Dataset records
=== Begin Enclosure ===
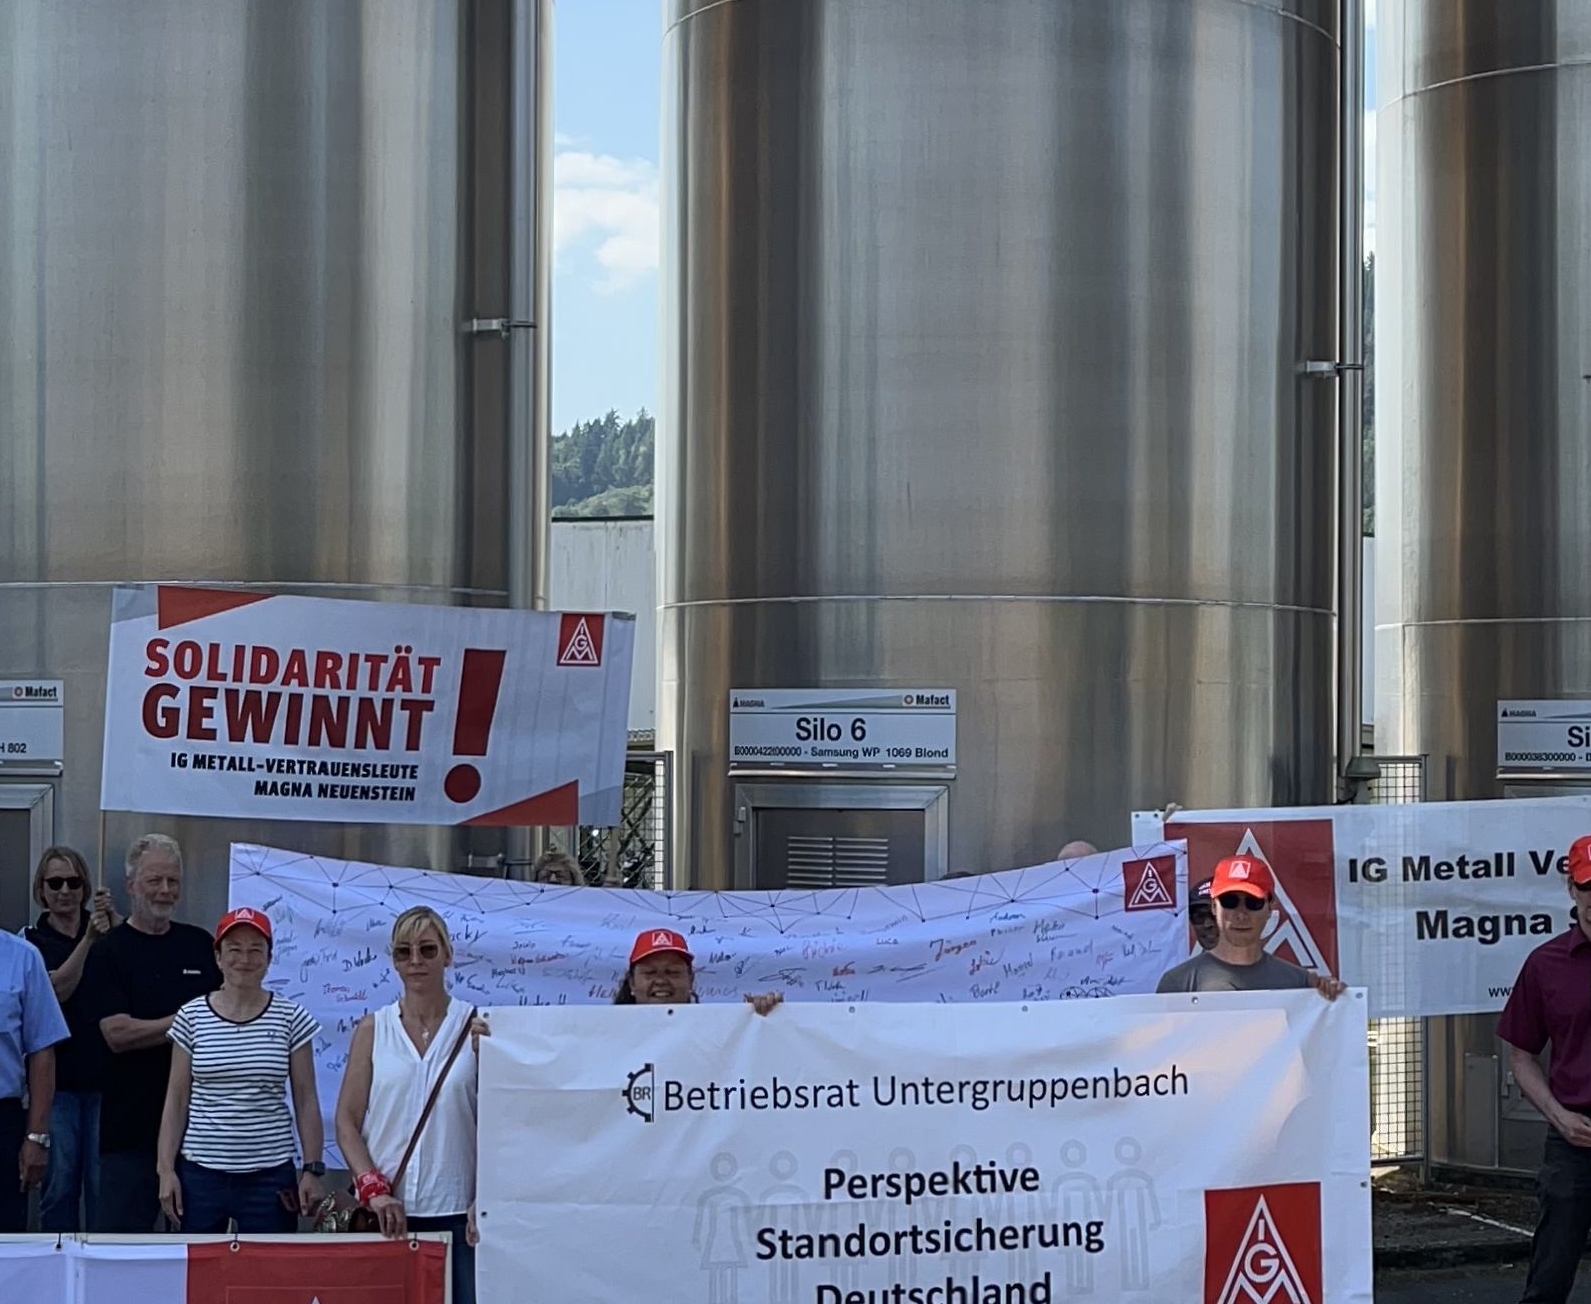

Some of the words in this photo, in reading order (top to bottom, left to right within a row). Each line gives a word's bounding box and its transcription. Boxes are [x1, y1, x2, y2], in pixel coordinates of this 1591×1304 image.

[144, 636, 442, 694] SOLIDARITÄT
[25, 686, 57, 698] Mafact
[915, 695, 950, 706] Mafact
[142, 682, 435, 751] GEWINNT
[795, 717, 842, 742] Silo
[850, 718, 867, 742] 6
[7, 742, 27, 754] 802
[810, 747, 859, 759] Samsung
[861, 747, 880, 758] WP
[886, 748, 912, 758] 1069
[915, 747, 949, 758] Blond
[170, 752, 188, 770] IG
[192, 753, 418, 781] METALL-VERTRAUENSLEUTE
[254, 779, 312, 799] MAGNA
[317, 781, 417, 802] NEUENSTEIN
[1348, 857, 1388, 883] IG
[1401, 851, 1516, 882] Metall
[1415, 908, 1553, 946] Magna
[664, 1075, 860, 1115] Betriebsrat
[873, 1063, 1189, 1114] Untergruppenbach
[823, 1160, 1040, 1205] Perspektive
[755, 1216, 1105, 1264] Standortsicherung
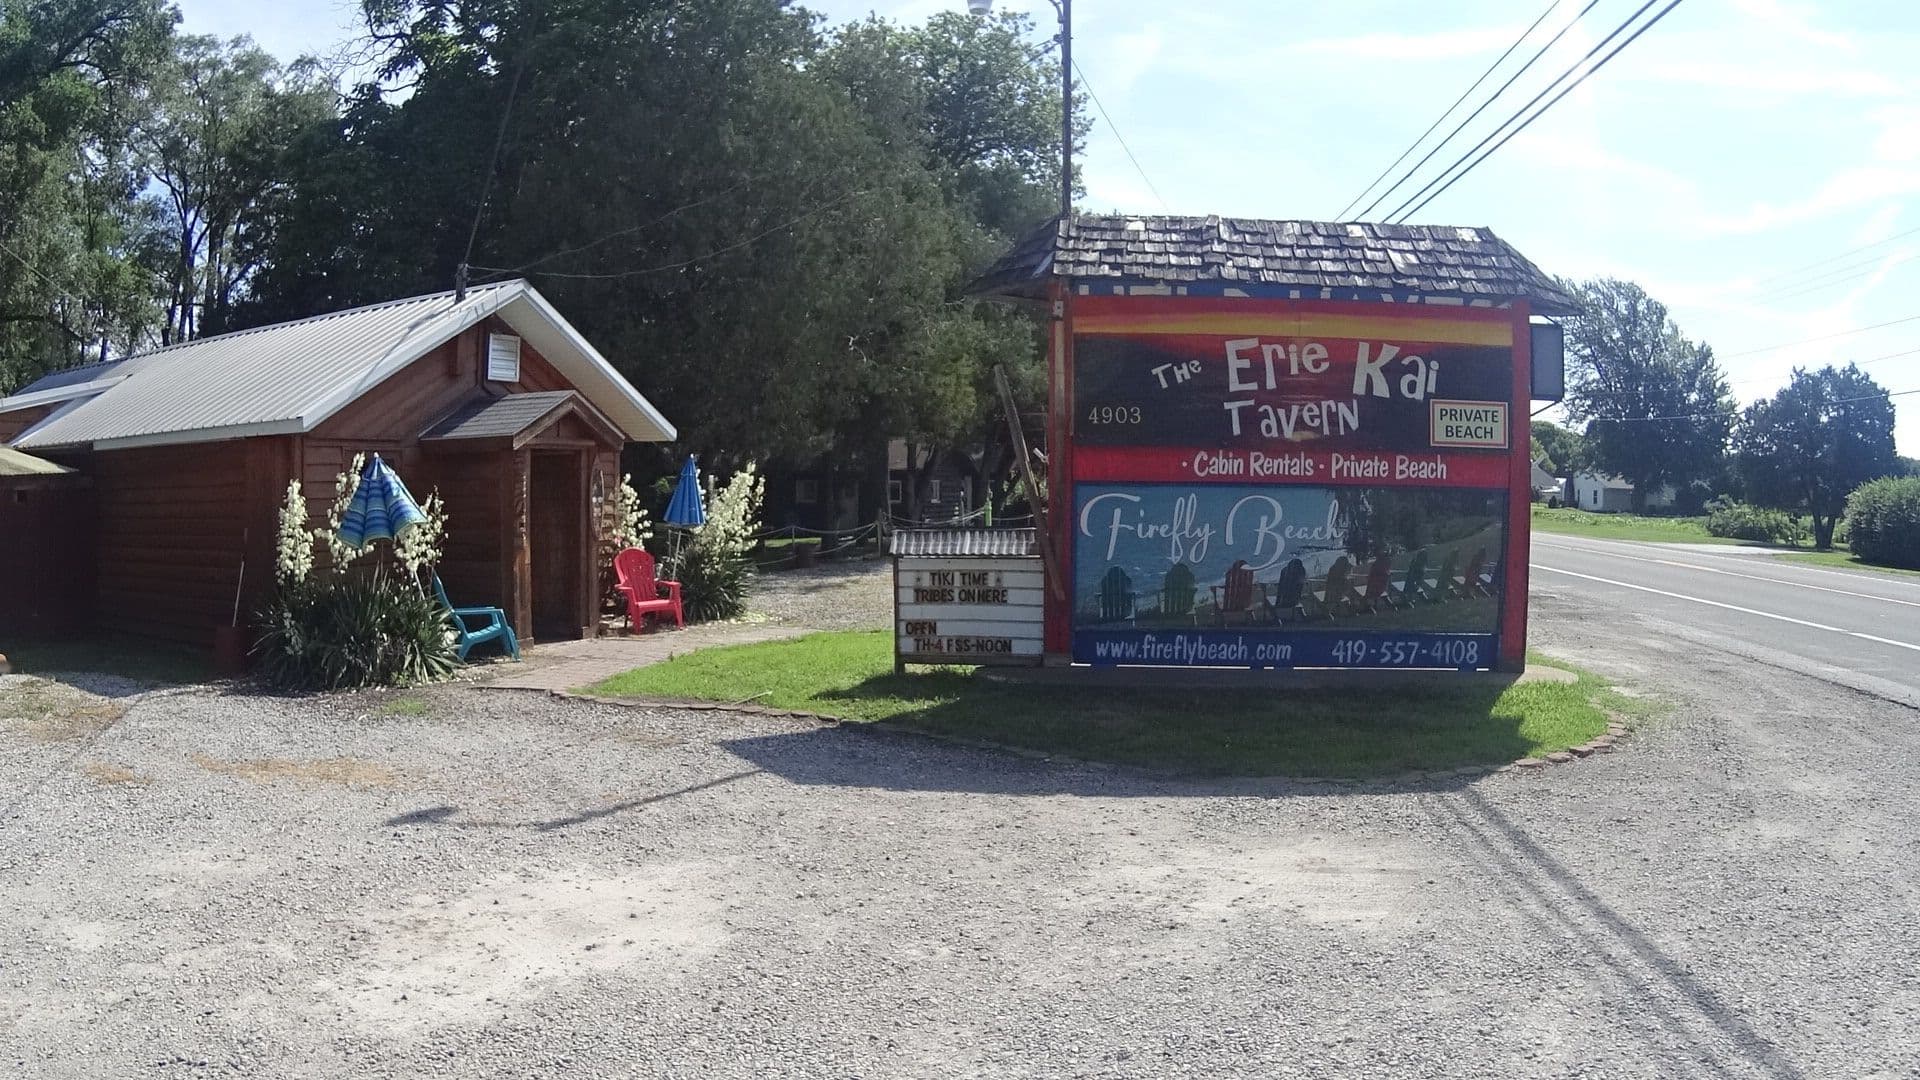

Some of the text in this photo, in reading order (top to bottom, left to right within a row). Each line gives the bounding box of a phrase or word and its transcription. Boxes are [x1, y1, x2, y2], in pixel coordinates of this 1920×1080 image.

[1224, 337, 1330, 393] Erie
[1352, 341, 1440, 400] Kai
[1088, 406, 1142, 425] 4903
[1439, 408, 1499, 424] PRIVATE
[1445, 424, 1494, 440] BEACH
[1193, 451, 1447, 480] Cabin Rentals Private Beach
[1080, 493, 1344, 572] Firefly Beach
[929, 572, 989, 586] TIKI TIME
[913, 588, 955, 603] TRIBES
[1095, 634, 1479, 666] www.fireflybeach.com 419-557-4108
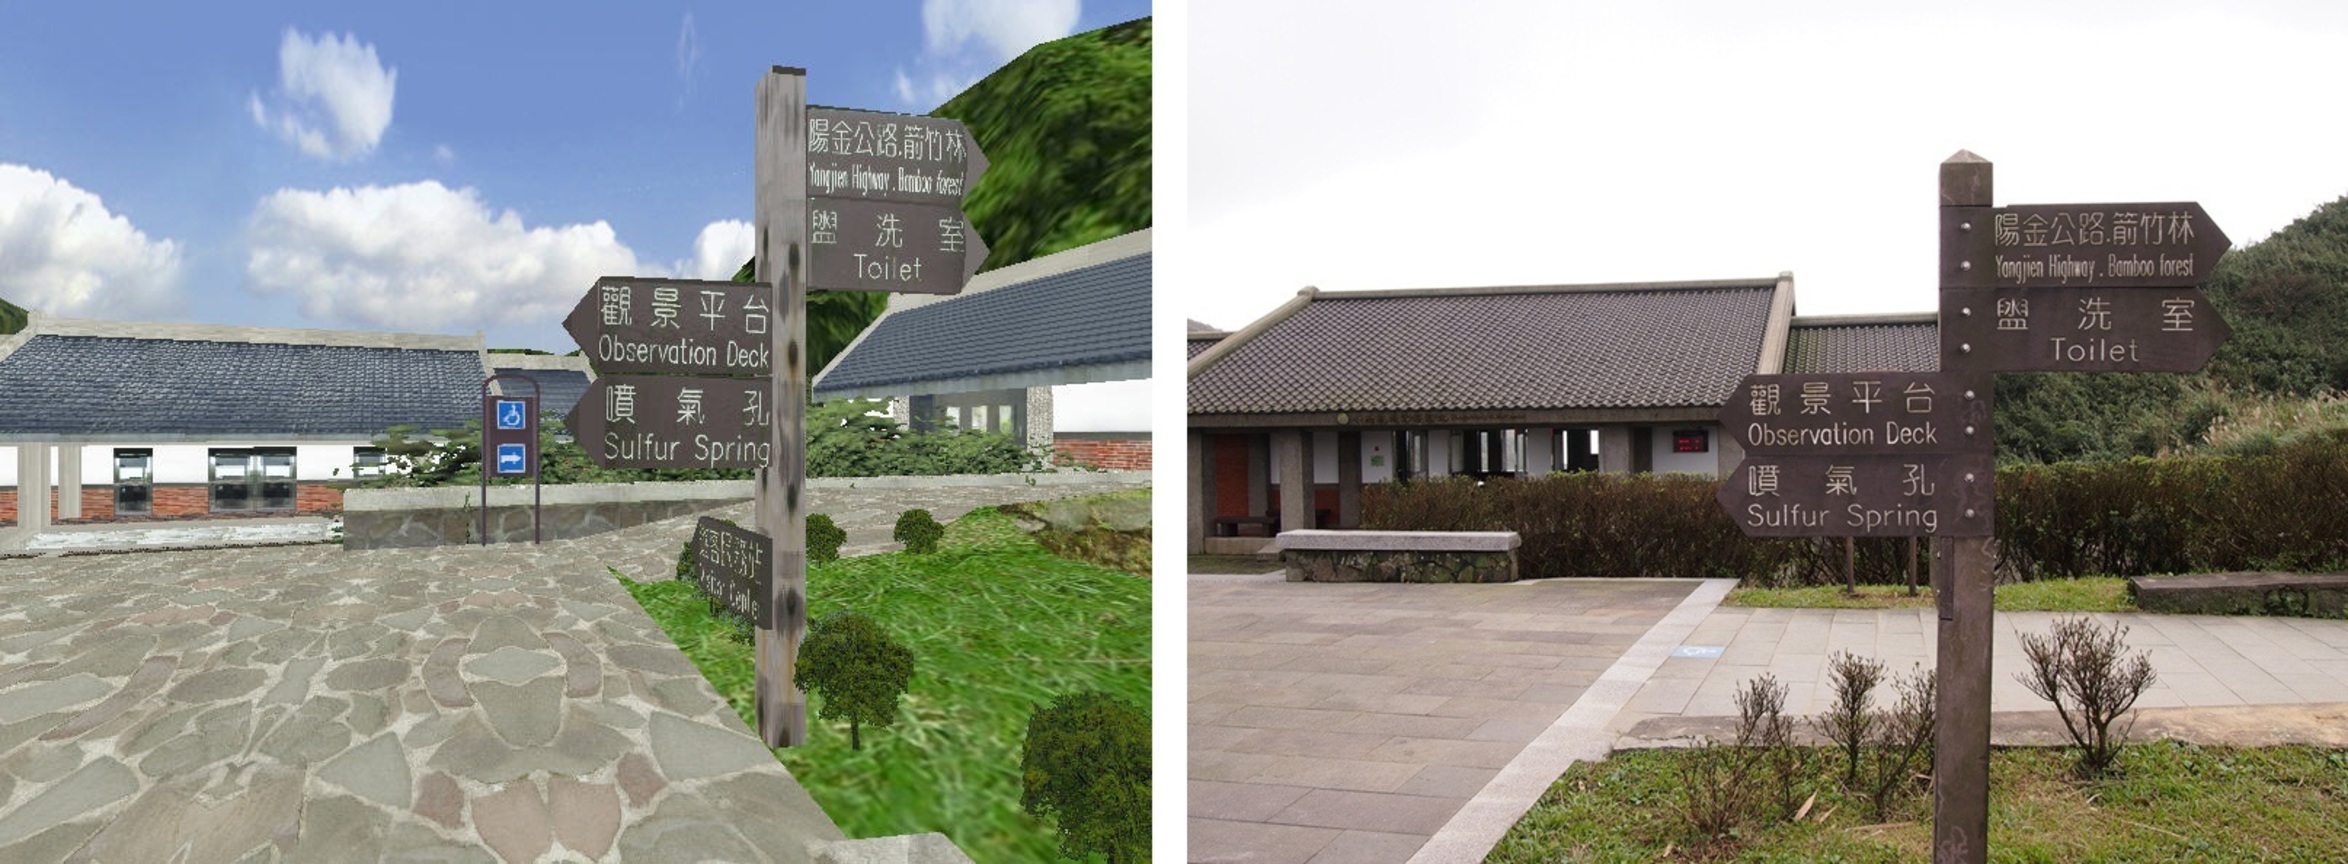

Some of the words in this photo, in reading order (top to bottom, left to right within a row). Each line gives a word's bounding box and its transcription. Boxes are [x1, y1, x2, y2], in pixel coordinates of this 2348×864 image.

[936, 170, 965, 196] forest
[853, 253, 922, 281] Toilet
[1995, 254, 2044, 284] Yangjien
[2049, 254, 2096, 283] Highway
[2108, 253, 2155, 277] Bamboo
[2159, 253, 2194, 277] forest
[600, 286, 770, 334] 觀景平台
[1996, 297, 2195, 332] 盥洗室
[599, 334, 718, 367] Observation
[726, 340, 769, 369] Deck
[2050, 337, 2140, 363] Toilet
[605, 383, 770, 427] 噴氣孔
[1750, 381, 1936, 416] 觀景平台
[604, 431, 681, 461] Sulfur
[694, 433, 771, 469] Spring
[1747, 421, 1875, 446] Observation
[1886, 421, 1938, 445] Deck
[1749, 464, 1936, 497] 噴氣孔
[1747, 503, 1830, 528] Sulfur
[1847, 503, 1938, 533] Spring
=== End Enclosure ===
Your objective>
Give back every record above word for word; the pictures have no place in it.

Exercise output>
Some of the words in this photo, in reading order (top to bottom, left to right within a row). Each line gives a word's bounding box and its transcription. Boxes are [x1, y1, x2, y2], in pixel coordinates of this 1591×1304 image.

[144, 636, 442, 694] SOLIDARITÄT
[25, 686, 57, 698] Mafact
[915, 695, 950, 706] Mafact
[142, 682, 435, 751] GEWINNT
[795, 717, 842, 742] Silo
[850, 718, 867, 742] 6
[7, 742, 27, 754] 802
[810, 747, 859, 759] Samsung
[861, 747, 880, 758] WP
[886, 748, 912, 758] 1069
[915, 747, 949, 758] Blond
[170, 752, 188, 770] IG
[192, 753, 418, 781] METALL-VERTRAUENSLEUTE
[254, 779, 312, 799] MAGNA
[317, 781, 417, 802] NEUENSTEIN
[1348, 857, 1388, 883] IG
[1401, 851, 1516, 882] Metall
[1415, 908, 1553, 946] Magna
[664, 1075, 860, 1115] Betriebsrat
[873, 1063, 1189, 1114] Untergruppenbach
[823, 1160, 1040, 1205] Perspektive
[755, 1216, 1105, 1264] Standortsicherung

Some of the text in this photo, in reading order (top to bottom, left to right within a row). Each line gives the bounding box of a phrase or word and its transcription. Boxes are [x1, y1, x2, y2], in pixel coordinates of this 1920×1080 image.

[1224, 337, 1330, 393] Erie
[1352, 341, 1440, 400] Kai
[1088, 406, 1142, 425] 4903
[1439, 408, 1499, 424] PRIVATE
[1445, 424, 1494, 440] BEACH
[1193, 451, 1447, 480] Cabin Rentals Private Beach
[1080, 493, 1344, 572] Firefly Beach
[929, 572, 989, 586] TIKI TIME
[913, 588, 955, 603] TRIBES
[1095, 634, 1479, 666] www.fireflybeach.com 419-557-4108

Some of the words in this photo, in reading order (top to bottom, left to right within a row). Each line gives a word's bounding box and its transcription. Boxes are [x1, y1, x2, y2], in pixel coordinates of this 2348×864 image.

[936, 170, 965, 196] forest
[853, 253, 922, 281] Toilet
[1995, 254, 2044, 284] Yangjien
[2049, 254, 2096, 283] Highway
[2108, 253, 2155, 277] Bamboo
[2159, 253, 2194, 277] forest
[600, 286, 770, 334] 觀景平台
[1996, 297, 2195, 332] 盥洗室
[599, 334, 718, 367] Observation
[726, 340, 769, 369] Deck
[2050, 337, 2140, 363] Toilet
[605, 383, 770, 427] 噴氣孔
[1750, 381, 1936, 416] 觀景平台
[604, 431, 681, 461] Sulfur
[694, 433, 771, 469] Spring
[1747, 421, 1875, 446] Observation
[1886, 421, 1938, 445] Deck
[1749, 464, 1936, 497] 噴氣孔
[1747, 503, 1830, 528] Sulfur
[1847, 503, 1938, 533] Spring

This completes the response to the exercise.